In the youth camp in Tronquay there were British, American, Greek, Czechoslovakian, French and Algerian students. There have never been such racist problems with them. Because at that time, the youth of the world was left-wing and united: The hippie movement and protest folk singers such as Joan Baez and Bob Dylan led the youth of the world to unite. The young people were united and we made auto-stop without fear. There was no global problem like terrorism. The world was much safer than it is today.
So how do you think things are today? Unfortunately, the situation is even worse. When they hear my French accent, they think I am a refugee or an immigrant. Their faces fall again. Then I speak English. Then they think I am a tourist, try to speak with their ridiculous English accent. I am very amused by their accent. As a matter of fact, I am graduated from Galatasaray High School and French Philology of Istanbul Faculty of Letters. But the way that treat me likes this creates in my soul an uncontrollable sadness and disgust. I have a Jewish friend who lives in Austria. He also had the same problem when he came to France. Although he speaks French he speaks English to avoid reactions. It is a tragicomic situation.
A BACKWARDS METAMORPHOSIS
Since 1969 I observe how “La Belle France” is devastated. Every time I came and went, France underwent a metamorphosis but backwards: The butterfly turns into an ugly caterpillar!

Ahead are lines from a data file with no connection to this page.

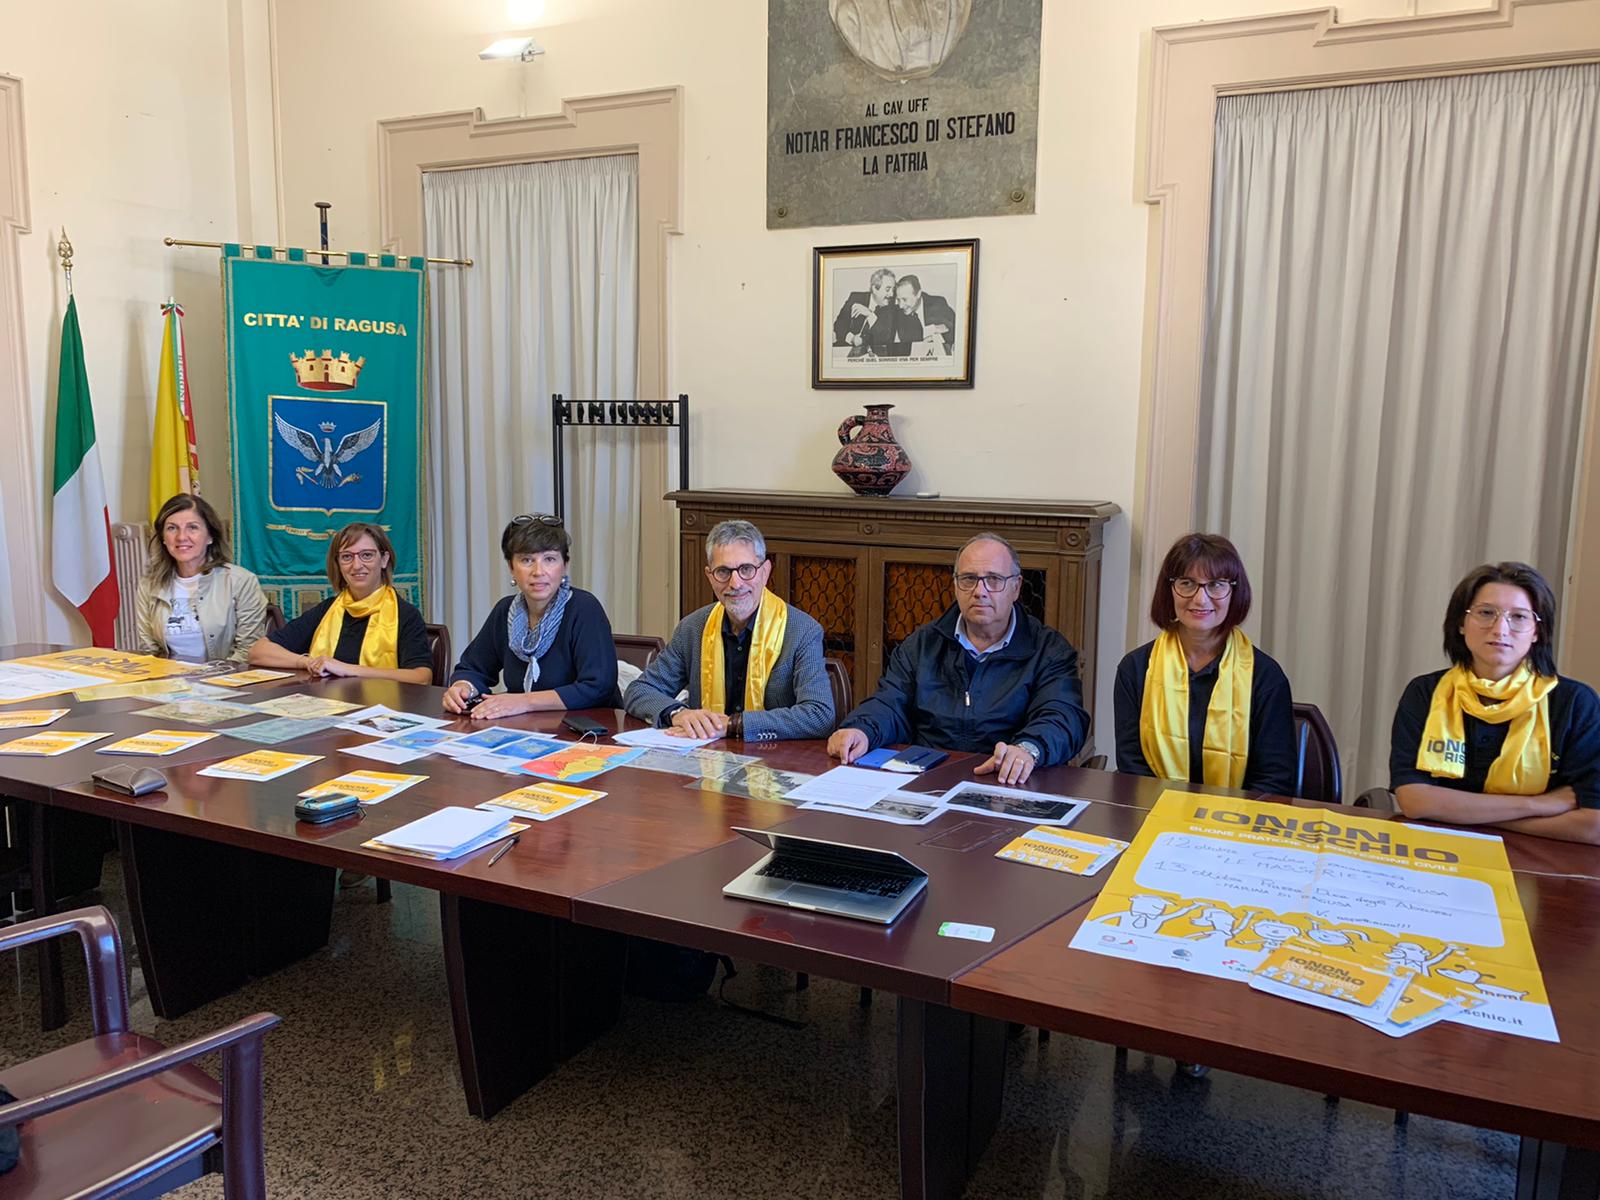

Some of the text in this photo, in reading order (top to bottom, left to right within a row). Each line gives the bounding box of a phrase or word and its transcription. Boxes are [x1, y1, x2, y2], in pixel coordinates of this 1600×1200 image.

[865, 103, 879, 118] AL
[883, 101, 904, 116] CAV.
[786, 111, 1015, 155] NOTAR FRANCESCO DI STEFANO
[863, 151, 928, 176] LA PATRIA
[243, 312, 407, 337] CITTA' DI RAGUSA
[1164, 836, 1191, 849] 12
[1188, 825, 1234, 837] BUONE
[1238, 832, 1301, 846] PRATICHE
[1413, 861, 1459, 873] CIVILE
[1251, 825, 1459, 864] RISCHIO
[1154, 860, 1187, 873] 13
[1386, 881, 1449, 897] RAGUSA
[1459, 1007, 1523, 1026] schio.it
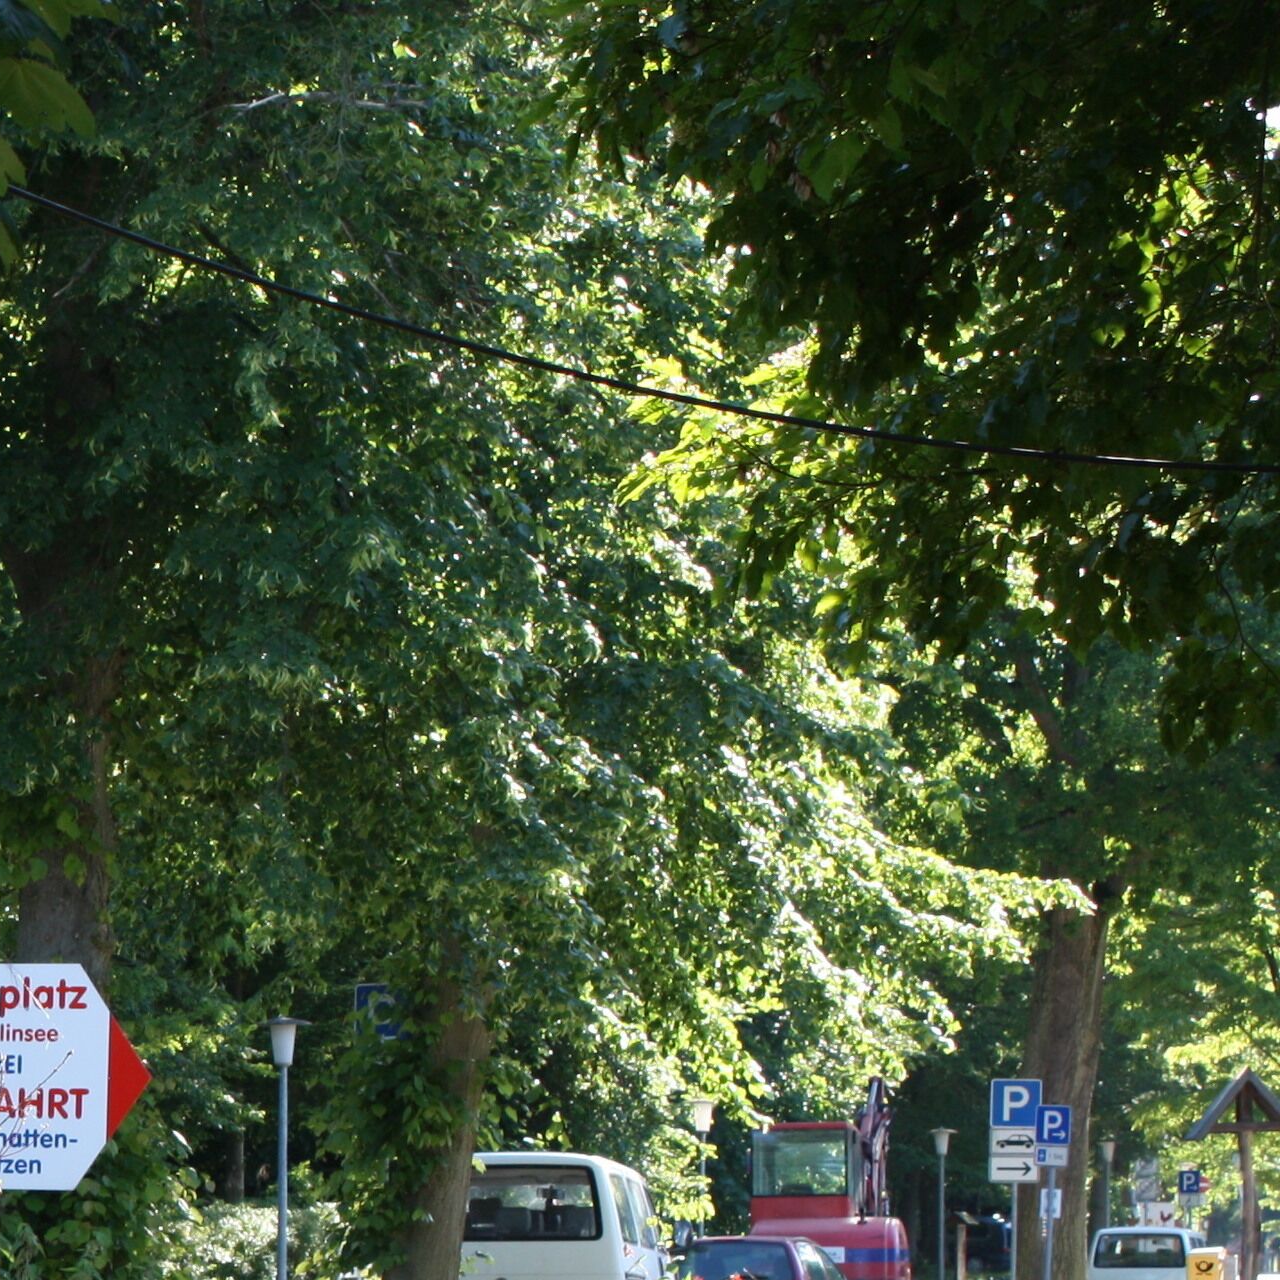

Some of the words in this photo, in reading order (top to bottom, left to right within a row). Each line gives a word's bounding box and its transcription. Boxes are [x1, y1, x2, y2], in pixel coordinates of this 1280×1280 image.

[1002, 1084, 1031, 1123] P
[1042, 1109, 1063, 1141] P
[1182, 1173, 1197, 1192] P
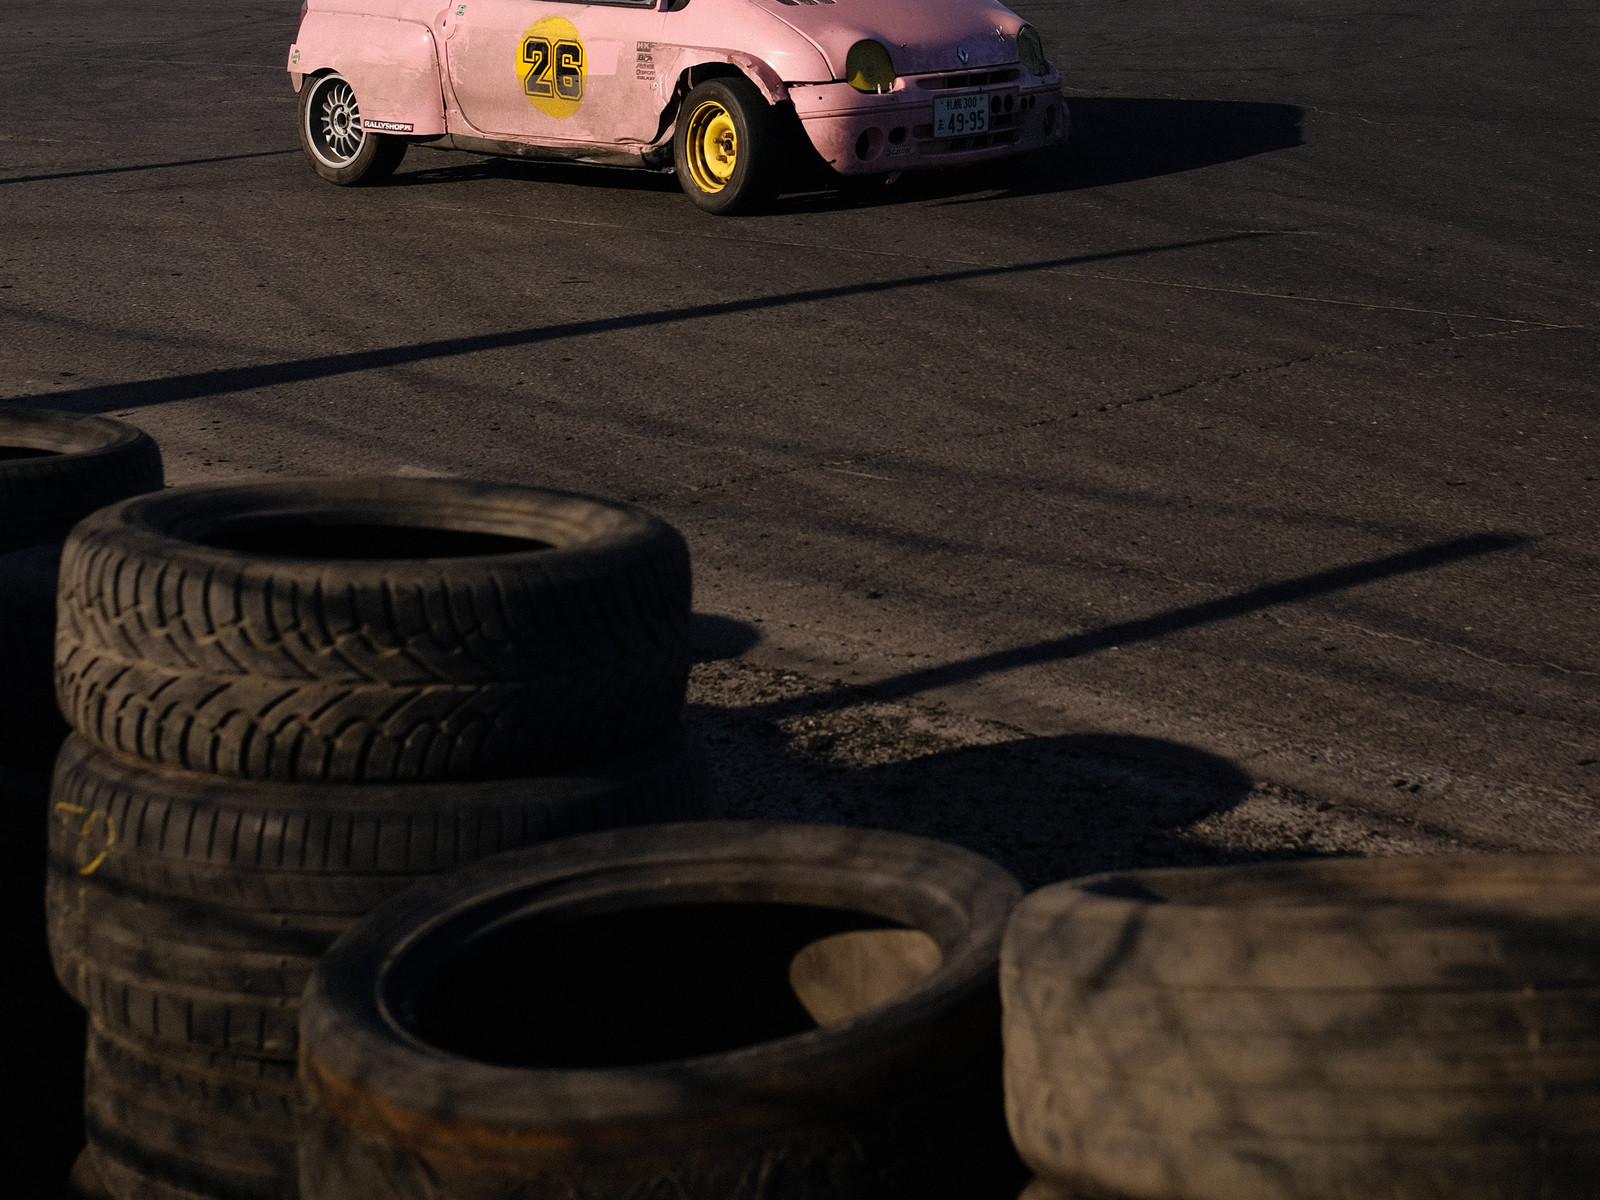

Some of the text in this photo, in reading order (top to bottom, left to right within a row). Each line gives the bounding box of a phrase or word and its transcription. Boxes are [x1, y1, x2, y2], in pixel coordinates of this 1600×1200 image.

[522, 36, 584, 102] 26
[963, 96, 977, 109] 300
[948, 110, 985, 133] 49-95

Today I continue to observe with disgust the irrevocable and irresistible rise of xenophobia, racism and chauvinism in this country. It is difficult not to feel the hidden hate and intolerance that the French feel towards those who are neither French nor European. Vice versa: Non-French people reciprocally hate the French. No need for words: eyes, looks, behavior and body language betray them.
EVIL & INTOLERANCE
So, would it be logical to worry about only the rise of the far right or the far left, trying to consolidate voters in the middle? There is worse problem: Evil and intolerance are growing in France with its racists, its xenophobes, its religious fanatics, its communitarians, its jihadists, its terrorists, its refugees, its Blacks, its Africans, its Asians, its Salafists and its Zionists. Everyone is uncomfortable for those who aren’t like them and hates those who are different. No tolerance: Intolerance and hate dominate the country.
I regret to say but unfortunately this seems as an irrevocable and irreversible process as the situation worsens every day. Nevertheless, I want still to hope that there will not be a civil war as the French President warned before the elections. Finally, whoever will live, will see…. if we can survive.